Dr. Tania Elliott from NYU Langone Health in Manhattan told MarketWatch that hantavirus has actually been around for a long time, “probably for centuries,” and that it is most prevalent in China with anywhere from 16,000 to 100,000 cases a year.

But unlike the coronavirus — which is believed to spread from person to person through droplets when an infected person coughs or sneezes — the hantavirus is primarily spread by contact with mice and their urine, feces or saliva. In fact, the CDC notes that, to date, “no cases of HPS (hantavirus pulmonary syndrome) have been reported in the United States in which the virus was transmitted from one person to another.” So avoiding the hantavirus basically comes down to avoiding contact with rodents, Dr. Elliott said.

According to the US’ Center for Disease Control and Prevention (CDC), Hantavirus Pulmonary Syndrome (HPS) is a severe, sometimes fatal, respiratory disease in humans caused by infection with hantaviruses. It added that anyone who comes into contact with rodents that carry hantaviruses is at risk of HPS.

Rodent infestation in and around the home remains the primary risk for hantavirus exposure. Even healthy individuals are at risk for HPS infection if exposed to the virus, it said.

Even though the US has not reported any case in which the virus was transmitted from one person to another, the CDC noted that in Chile and Argentina, rare cases of person-to-person transmission have occurred among close contacts of a person who was ill with a type of hantavirus called Andes virus.

How is the Hantavirus spread?

According to CDC, rodents shed the virus in their urine, droppings, and saliva. The virus is mainly transmitted to people when they breathe in air contaminated with the virus.

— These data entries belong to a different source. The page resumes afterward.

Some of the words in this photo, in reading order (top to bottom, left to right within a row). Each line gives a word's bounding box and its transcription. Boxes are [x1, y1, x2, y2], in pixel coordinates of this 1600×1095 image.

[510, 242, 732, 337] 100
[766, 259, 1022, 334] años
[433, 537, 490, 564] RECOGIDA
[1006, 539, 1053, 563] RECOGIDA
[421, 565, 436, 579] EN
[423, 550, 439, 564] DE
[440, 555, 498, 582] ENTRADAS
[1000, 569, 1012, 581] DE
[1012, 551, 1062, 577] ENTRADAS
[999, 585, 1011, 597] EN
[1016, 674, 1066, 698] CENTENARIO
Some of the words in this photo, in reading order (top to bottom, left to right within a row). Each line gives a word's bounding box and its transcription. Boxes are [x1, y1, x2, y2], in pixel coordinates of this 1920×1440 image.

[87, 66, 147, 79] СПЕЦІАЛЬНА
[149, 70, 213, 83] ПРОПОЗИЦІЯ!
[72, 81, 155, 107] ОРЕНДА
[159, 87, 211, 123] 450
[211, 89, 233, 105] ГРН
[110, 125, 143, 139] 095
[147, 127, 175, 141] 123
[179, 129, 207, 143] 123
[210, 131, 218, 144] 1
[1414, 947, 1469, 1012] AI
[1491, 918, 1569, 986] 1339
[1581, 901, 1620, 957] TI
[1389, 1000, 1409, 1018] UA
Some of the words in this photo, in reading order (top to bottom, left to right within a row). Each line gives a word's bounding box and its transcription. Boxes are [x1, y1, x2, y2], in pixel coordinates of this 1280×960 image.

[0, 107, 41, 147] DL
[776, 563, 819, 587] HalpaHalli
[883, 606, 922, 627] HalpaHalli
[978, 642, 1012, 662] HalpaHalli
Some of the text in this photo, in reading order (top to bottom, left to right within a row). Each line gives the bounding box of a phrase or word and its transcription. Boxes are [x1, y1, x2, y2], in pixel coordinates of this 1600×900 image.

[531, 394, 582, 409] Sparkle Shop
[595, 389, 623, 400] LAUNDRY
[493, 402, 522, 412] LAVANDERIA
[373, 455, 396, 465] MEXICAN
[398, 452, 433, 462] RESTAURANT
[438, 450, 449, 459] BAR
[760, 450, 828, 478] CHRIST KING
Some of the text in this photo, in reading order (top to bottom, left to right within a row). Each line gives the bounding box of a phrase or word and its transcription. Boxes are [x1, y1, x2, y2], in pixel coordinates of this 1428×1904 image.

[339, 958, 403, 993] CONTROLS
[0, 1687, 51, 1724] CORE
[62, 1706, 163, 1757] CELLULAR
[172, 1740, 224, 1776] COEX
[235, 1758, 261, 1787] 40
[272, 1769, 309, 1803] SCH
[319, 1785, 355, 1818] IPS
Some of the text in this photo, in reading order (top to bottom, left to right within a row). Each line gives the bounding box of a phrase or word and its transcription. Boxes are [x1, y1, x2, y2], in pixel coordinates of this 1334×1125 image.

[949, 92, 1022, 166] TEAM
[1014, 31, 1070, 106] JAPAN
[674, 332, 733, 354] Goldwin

However, there are several other ways rodents may spread hantavirus to people, including if a rodent with the virus bites someone.

Scientists believe that people may get the virus if they touch something that has been contaminated with rodent urine, droppings, or saliva, and then touch their face.

People can become sick if they eat food contaminated by urine, droppings, or saliva from an infected rodent, the CDC said.

Symptoms of the virus: CDC says that early symptoms include fatigue, fever and muscle aches, especially in the large muscle groups — thighs, hips, back, and shoulders at times. These symptoms are universal.

It added that there may also be headaches, dizziness, chills, and abdominal problems, such as nausea, vomiting, diarrhea, and abdominal pain. About half of all HPS patients experience these symptoms, it said.

Treatment for the virus: There is no specific treatment, cure, or vaccine for hantavirus infection.

“However, we do know that if infected individuals are recognised early and receive medical care in an intensive care unit, they may do better. In intensive care, patients are intubated and given oxygen therapy to help them through the period of severe respiratory distress,” CDC said.